I recently had the opportunity to experience what was, in my
opinion, the absolute worst smell I have ever inhaled in my
life.
Of course, it was my own fault. If I had eaten the oysters
the evening of the day I got them, I would have been spared
this experience. ("And if my grandmother had wheels, she'd be
a garbage truck," as my mother used to say.) But let me
recount the events in their inevitable, ugly order.
I was at Robert's house, eating almost-thawed oysters after an
afternoon of band non-practice. (It would have been practice,
had our guitar player not broken his wrist the day before.)
I was practicing my usual technique of hanging out right next
to the oysters, looking real hungry, and grabbing them as soon
as they were shucked. Robert didn't mind. He was as eager to
get rid of the shellfish as I was to slurp them.
The oysters, it turned out, were left over from the day before
when he'd got them to eat during/after the big game. (The big
game, that particular day, was FSU vs somebody-or-other.) FSU
won, but the celebrants couldn't finish the mountain of
oysters - - so these were still on ice the next day.

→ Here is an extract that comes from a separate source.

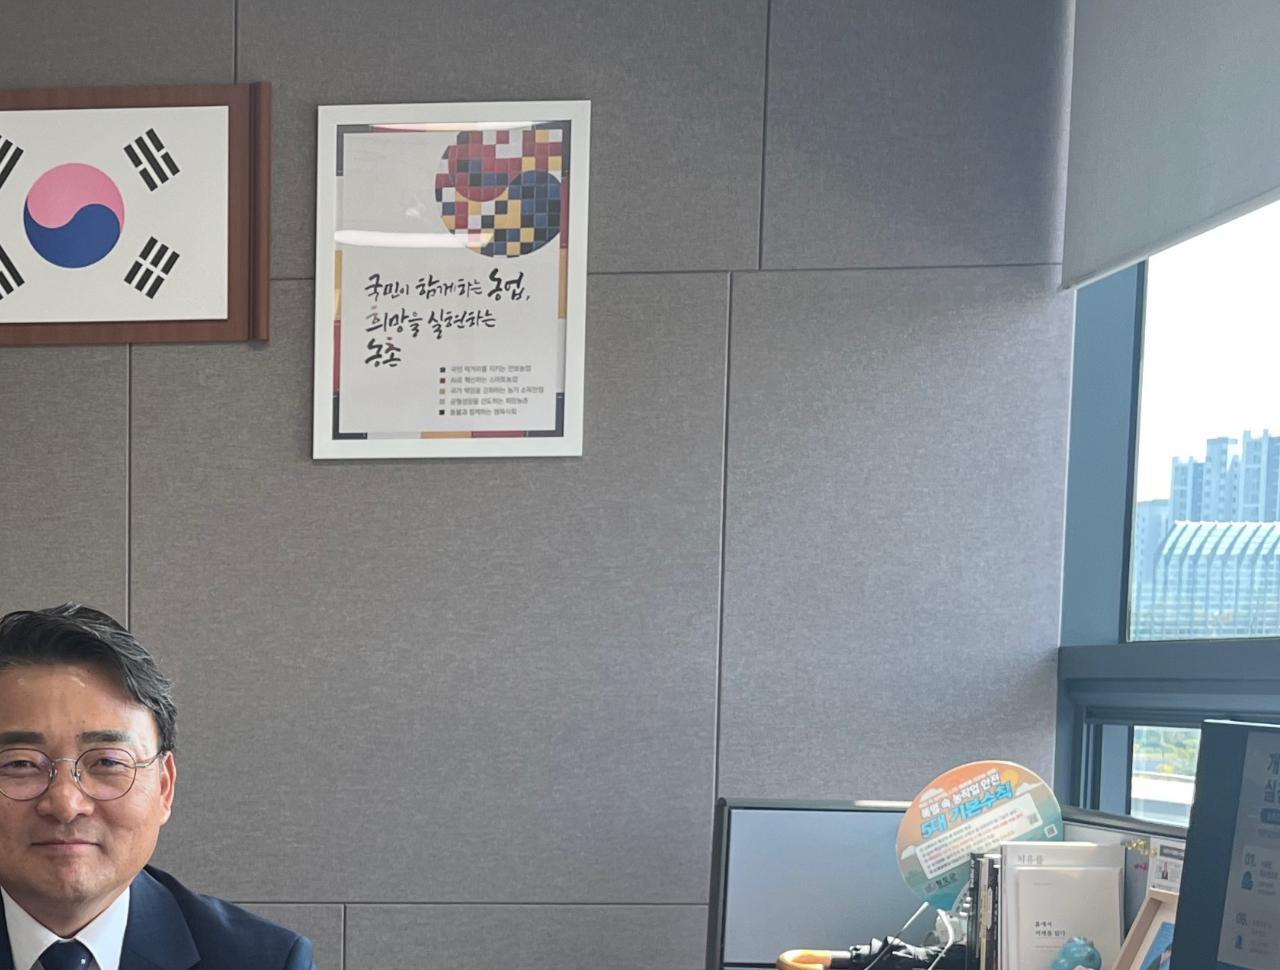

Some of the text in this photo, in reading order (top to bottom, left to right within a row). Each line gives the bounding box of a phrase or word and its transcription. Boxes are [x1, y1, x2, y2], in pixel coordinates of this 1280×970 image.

So there we were, going at it on Robert's front porch as the
afternoon sun began to sink, when Bob, the bass player and my
ride, says "ready to go?". Robert, quick as a Florida
defensive tackle, says "would you like to take some home with
you?"
Being partial to the squishy crustaceans, and wanting to help
out, I quickly assented even though I knew I'd have to shuck
them myself. And a baker's dozen were shuttled into a mini-
cooler along with some ice. I hefted the cooler into Bob's
van, thanked benefactor Robert, and we were off back to
Tallahassee.
I live in a sometimes-haunted house. That particular Sunday
evening it was haunted. The house's spirits entered me, and I
became forlorn and incapable of constructive activity. I
forgot about the oysters.
Well, one thing leads to another, especially during a Hectic
Business Week ...so as I went about my affairs, it was
perfectly natural for the oysters languishing in the cooler to
go about theirs and do that perfectly natural thing once ice
melts: decompose.
Days passed. The cooler, however, maintained an appearance of
innocence, which is to say it looked cool from the outside. A
cooler just looks cool, especially when you don't give it too
much attention.
One fine day towards the middle of the week I discovered that
fine, cool-looking cooler sitting on my kitchen floor. And I
decided to look inside, maybe slurp a few. Hah!
The millisecond the tiniest crack appeared as I slid the
cooler's top open, lightning flashed. The ice caps melted.
Earthquakes rumbled, day was night, and my house was instantly
permeated with a rich aroma that can be described partly as
odious, partly as stenchful, muchly as death-warmed-over, and
accompanied by myriads of swarming little flies. It was
ghastly, even for a haunted house.
Needless to say, the lid was snapped back tight, but like poor
Pandora I was too late. The spirits of death had been loosed
and breathing normally in my kitchen became impossible.
Even worse was realizing that I would have to open that
dreaded cooler again in order to clean it out.
All jokes about poison gas warfare aside, my heartfelt
sympathy goes out to the soul who had to empty my garbage that
day. I hope his supervisor believed him when he requested
hazardous duty pay; he certainly deserved it. Then again,
perhaps it's all in the line of duty for those with this
occupation, but I hope not.
As awful smells go, this will be hard to beat. Here's hoping
it remains the uncontested champion. And if you see me
slurping oysters more rapidly than usual, it's because I know
what can happen if you let them sit.